China’s population has declined for four consecutive years, and the country’s birth rate has fallen to the lowest levels recorded since the Chinese Communist Party came to power in 1949.
The education sector is emerging as one of the clearest signs of that demographic shift.
School Closures Spread Beyond Rural Regions
Although northeastern China has been among the hardest hit, similar patterns are appearing in major cities, including Beijing and Shanghai, where high living costs, economic uncertainty, and changing social attitudes are discouraging younger generations from marrying or having children.
A Beijing resident told The Epoch Times that neither he nor his sister plans to marry, citing financial pressure and unstable employment conditions.
“Many young people around us no longer want to get married or have children,” he said.
He said neighborhood schools and kindergartens have already begun disappearing as enrollment falls.
“The population is falling off a cliff,” he said. “Elementary schools and kindergartens here have already been merged. Some kindergartens are simply gone because there are no children left.”

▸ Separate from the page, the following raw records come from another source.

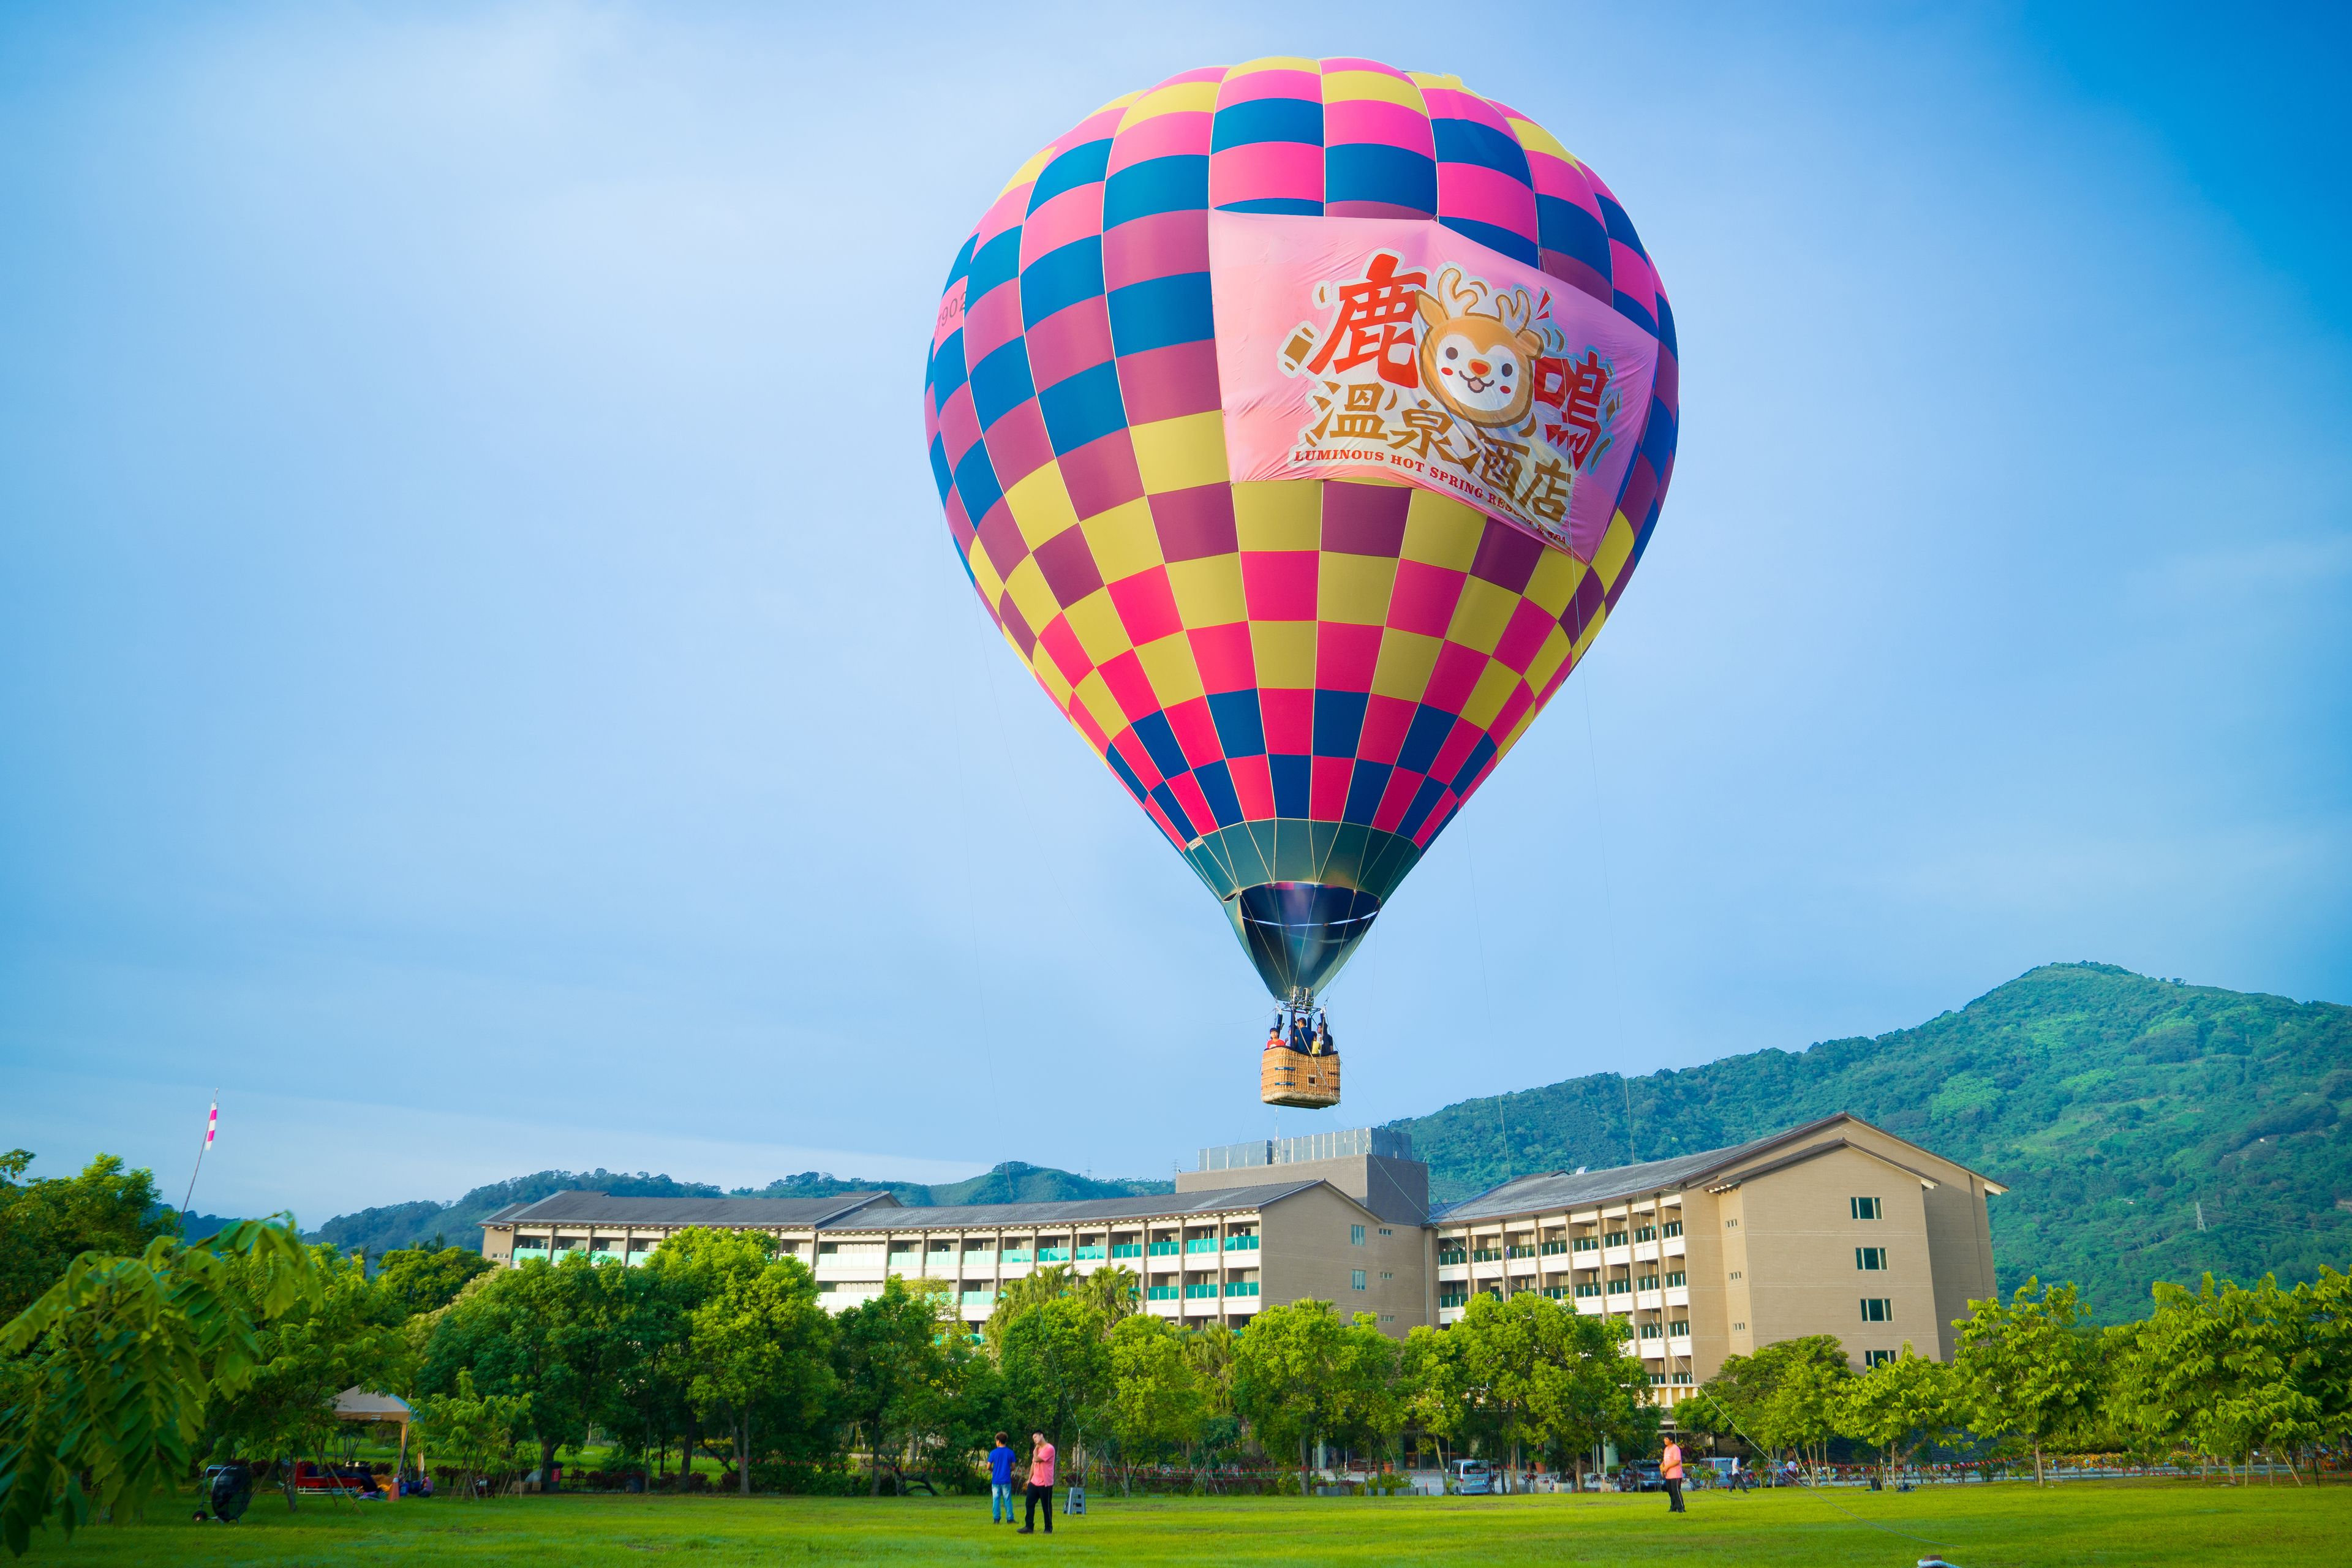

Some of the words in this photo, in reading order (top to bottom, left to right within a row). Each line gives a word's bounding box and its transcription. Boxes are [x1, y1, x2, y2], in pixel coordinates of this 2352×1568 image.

[1306, 253, 1427, 388] 鹿
[1294, 449, 1384, 461] LUMINOUS
[1390, 454, 1425, 472] HOT
[1430, 467, 1483, 499] SPRING
[1487, 492, 1534, 525] RES

In Shanghai, a longtime resident told The Epoch Times that the economic downturn, combined with the effects of China’s strict controls during the COVID-19 pandemic, accelerated the demographic decline.
“A lot of nurseries and elementary schools that used to operate have now been merged or shut down,” he said. “People have left. There’s no one left.”

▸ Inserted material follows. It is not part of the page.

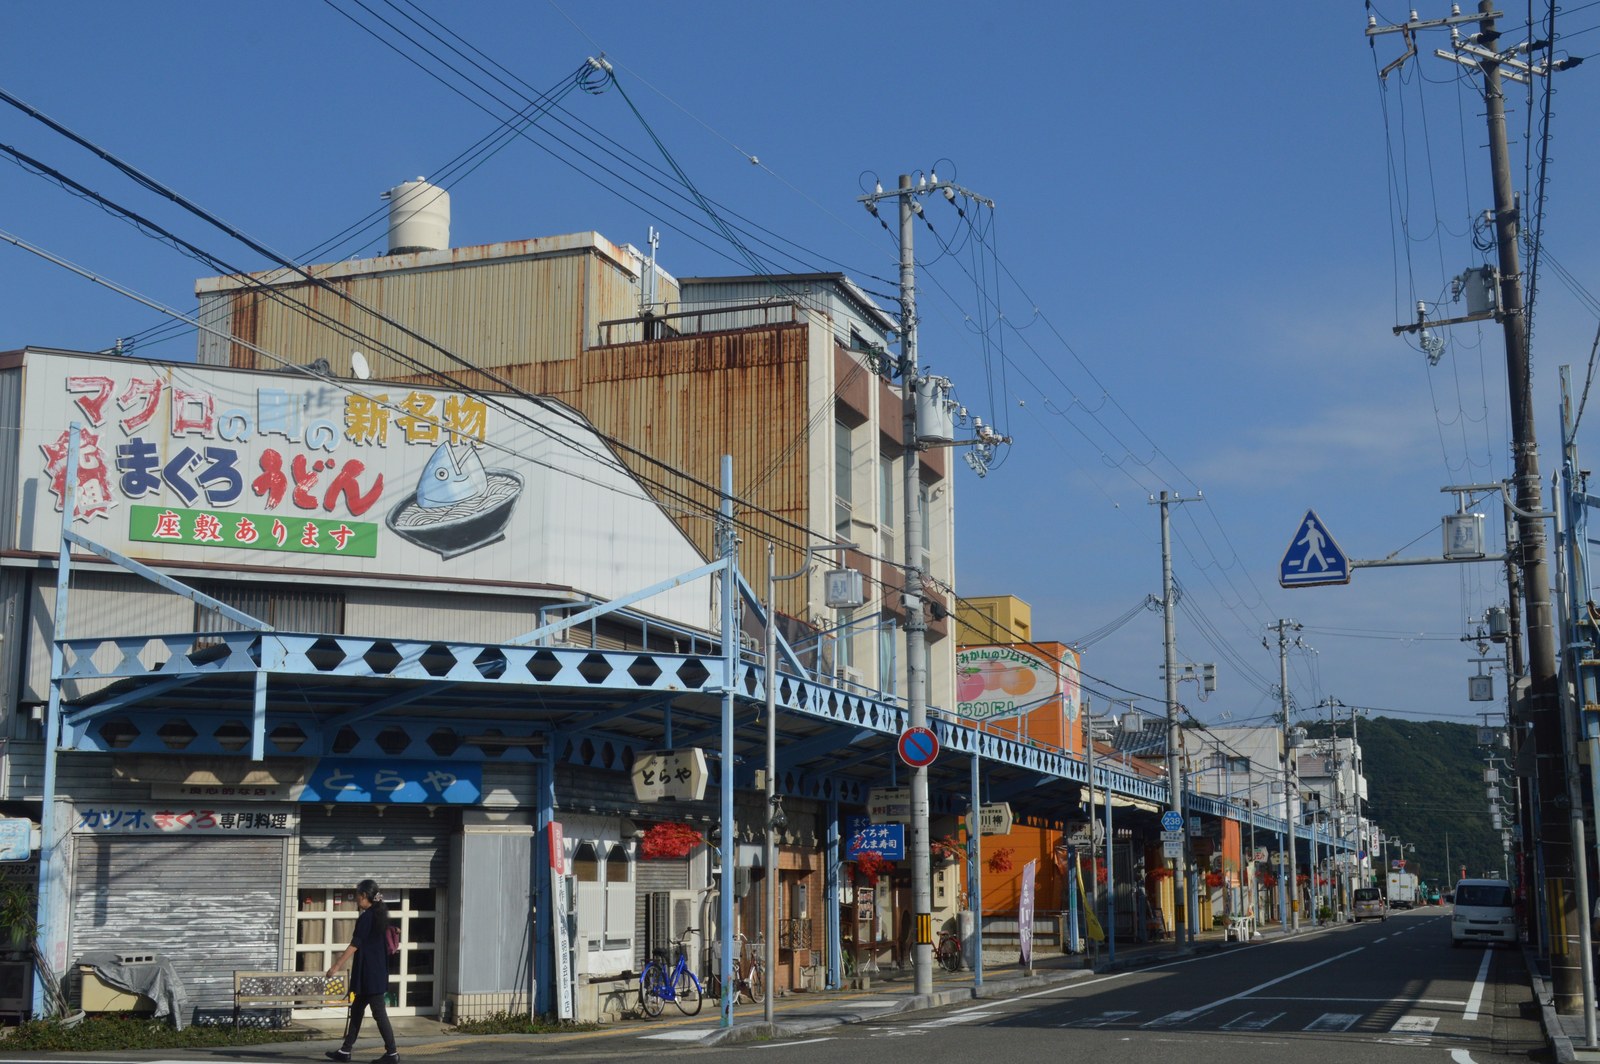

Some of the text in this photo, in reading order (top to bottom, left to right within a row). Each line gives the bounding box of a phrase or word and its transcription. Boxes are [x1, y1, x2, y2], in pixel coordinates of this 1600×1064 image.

Official Chinese statistics continue to place the country’s population at more than 1.4 billion. However, the Shanghai resident suggested the real number may be significantly lower.
Chinese domestic media have also reported a nationwide wave of kindergarten closures in recent years.
In Shanghai alone, 54 kindergartens closed in 2024, according to Chinese online news portal Sohu. Official figures showed that in the southeastern city of Xiamen, the number of children fell by 23,000 from 2024 to 2025, leading to the closure of 136 kindergartens and the loss of more than 1,000 teaching jobs, according to Chinese online news portal NetEase.
The contraction is now spreading beyond early childhood and primary education into higher education.
According to data from China’s Ministry of Education, universities across the country eliminated 5,345 academic programs between 2020 and 2024, according to Chinese online news portal Sina. The number of canceled majors rose sharply over that period, from 518 in 2020 to 1,428 in 2024.
At the same time, more than 25 private colleges shut down between 2021 and 2025, according to Chinese news portal Tencent.
Hong Ning contributed to this report.